Start of Block
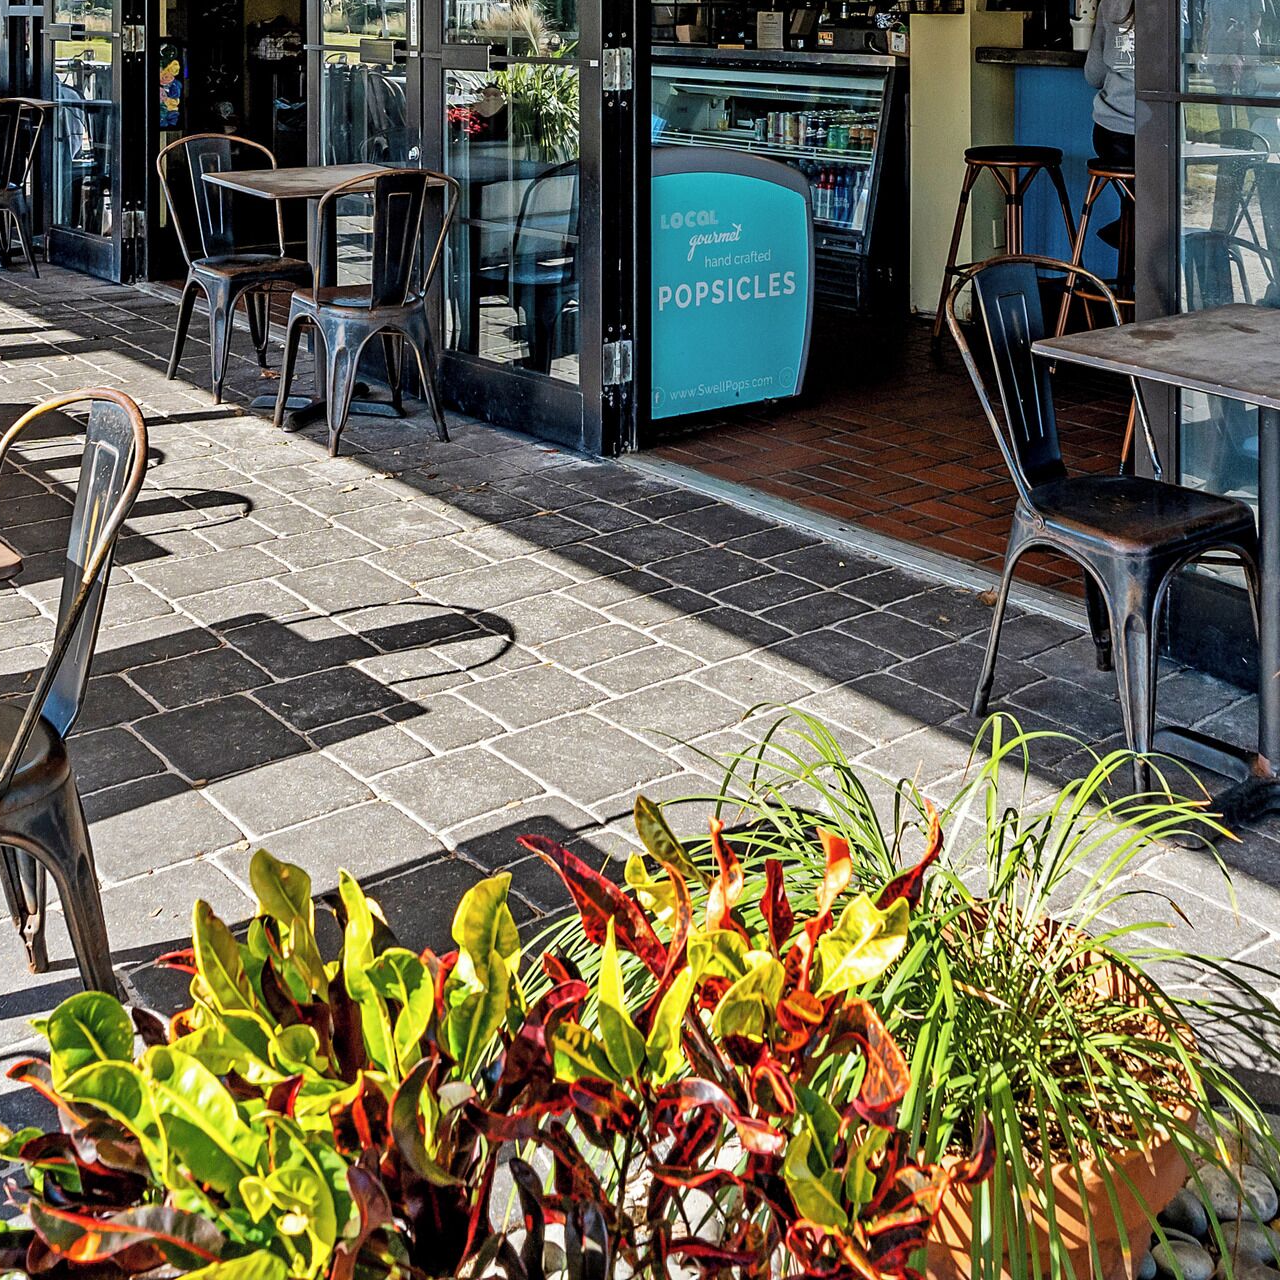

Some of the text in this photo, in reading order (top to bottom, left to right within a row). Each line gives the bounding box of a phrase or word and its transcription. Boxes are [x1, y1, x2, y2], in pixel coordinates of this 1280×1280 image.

[687, 223, 743, 262] gourmet
[704, 249, 771, 268] hand crafted
[658, 271, 797, 312] POPSICLES
[670, 377, 773, 401] www.SwellPops.com
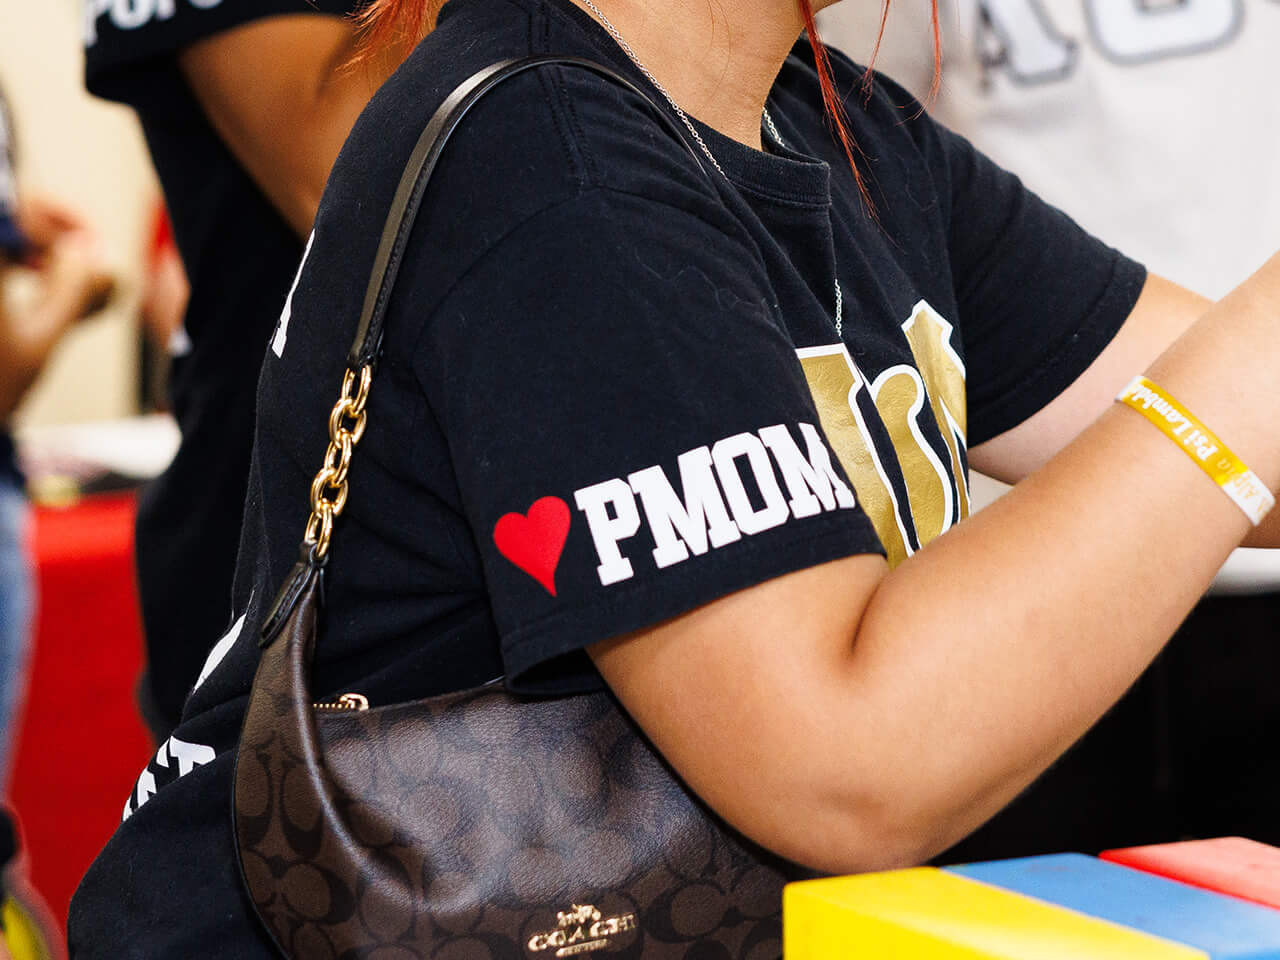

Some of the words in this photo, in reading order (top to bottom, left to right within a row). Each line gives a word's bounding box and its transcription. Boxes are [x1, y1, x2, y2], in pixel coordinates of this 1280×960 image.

[1184, 430, 1218, 461] Psi
[574, 422, 856, 586] PMOM
[528, 914, 637, 951] COACH
End of Block
YOUR OBJECTIVE →
What is wanted is an exact repetition of the lines from the one with "Some of the words" through the last line of the material above, both ends included.

EXERCISE SOLUTION →
Some of the words in this photo, in reading order (top to bottom, left to right within a row). Each line gives a word's bounding box and its transcription. Boxes are [x1, y1, x2, y2], in pixel coordinates of this 1280×960 image.

[1184, 430, 1218, 461] Psi
[574, 422, 856, 586] PMOM
[528, 914, 637, 951] COACH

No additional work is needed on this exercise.